Thu, May 1 2008, 14:34 GMT
by Walid Salah El Din
An Increased possibility that the worst has come to the financial market because of the credit crunch is helping the greenback which has just had .255 cut yesterday. The cut by just .25% has sent many messages to the market. Yes it has left the door opened for further cuts but there can be a hold and this was not priced in the market before. This current market sentiment lighten the weights on the greenback and decreased the pessimism with the first by fed's cut by .25% and the door is open now for a pause waiting new data. Yesterday, we have had April Chicago PMI manufacturing has come at 48.3 the market was expecting it to be lower at 47.5 and today we have had the same ISM manufacturing number of March which was 48.6 and the market expectations were a decline to 48.
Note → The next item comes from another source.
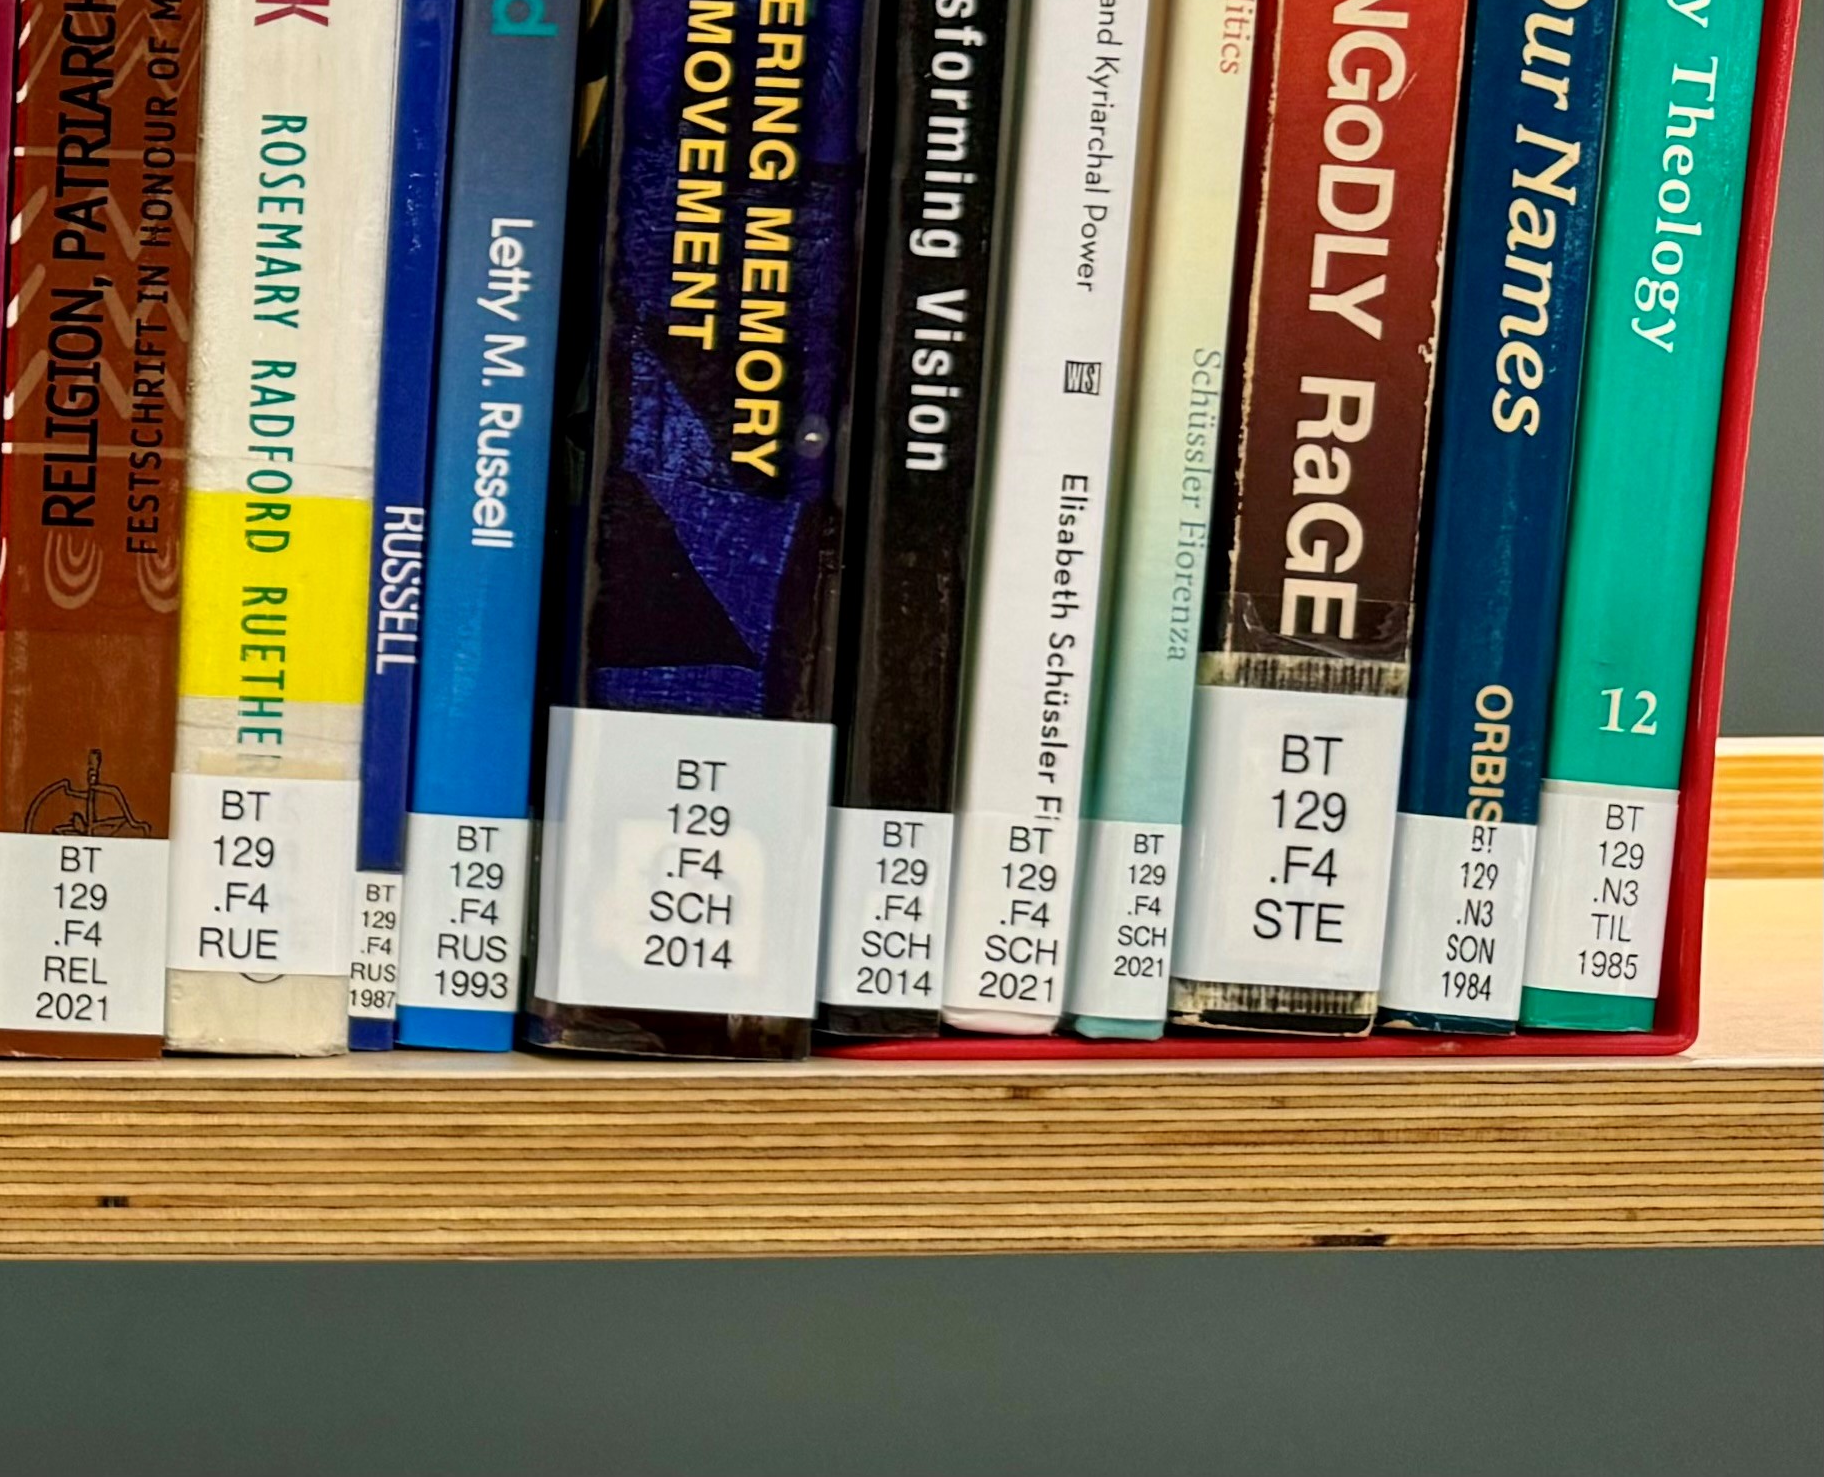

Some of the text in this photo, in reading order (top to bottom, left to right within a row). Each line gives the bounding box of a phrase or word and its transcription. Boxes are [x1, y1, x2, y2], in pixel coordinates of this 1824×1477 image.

Today's release of the core PCE price index rise by .2% not by just .1% as expected has also signaled high inflation pressure on the fed to stop easing the yearly core figure yesterday came 2.2% higher than the market expectation of 2.1% in the first quarter of the year and also the consumption get better for the first time increasing .4% which account for more than 2/3 of the US economy.
Yesterday we have had a gain Plosser the fed member of Philadelphia and fisher the fed member of Dallas opposed the majority preferring no change this time. This was not out of expectation but this time, the statement indicated less worries about growth and uncertainty about inflation currently which should moderate as they mentioned indicating the cut by just .25% which was widely expected leaving the door opened for further cuts if it needed. The fed did not surprise the market again. The greenback can find support as the statement is looking less dovish this time than before and it appreciates the inflation upside risks again expecting it to moderate and in line with expectation, they have cut by just .25% which really can signal a close end of this easing cycle which started last September. It looks that there can be a pause next meeting. Cutting by just .25% can send many messages to the market but not a clear direction to the greenback yet. It is the first .25% since the beginning of the easing cycle. The fed may have a wait and see stance to watch the impact of its recent cuts in the coming period. However the housing market is still the main concern with no bottom as it looks. Also there is still a worry about the credit market, the consuming spending is still struggling and so, we have today's cut and as usual, the fed mentioned that it will closely watch the growth and inflation developments and I see that with any improvement of the housing market the greenback can find strong support which can give worries to the current short holders.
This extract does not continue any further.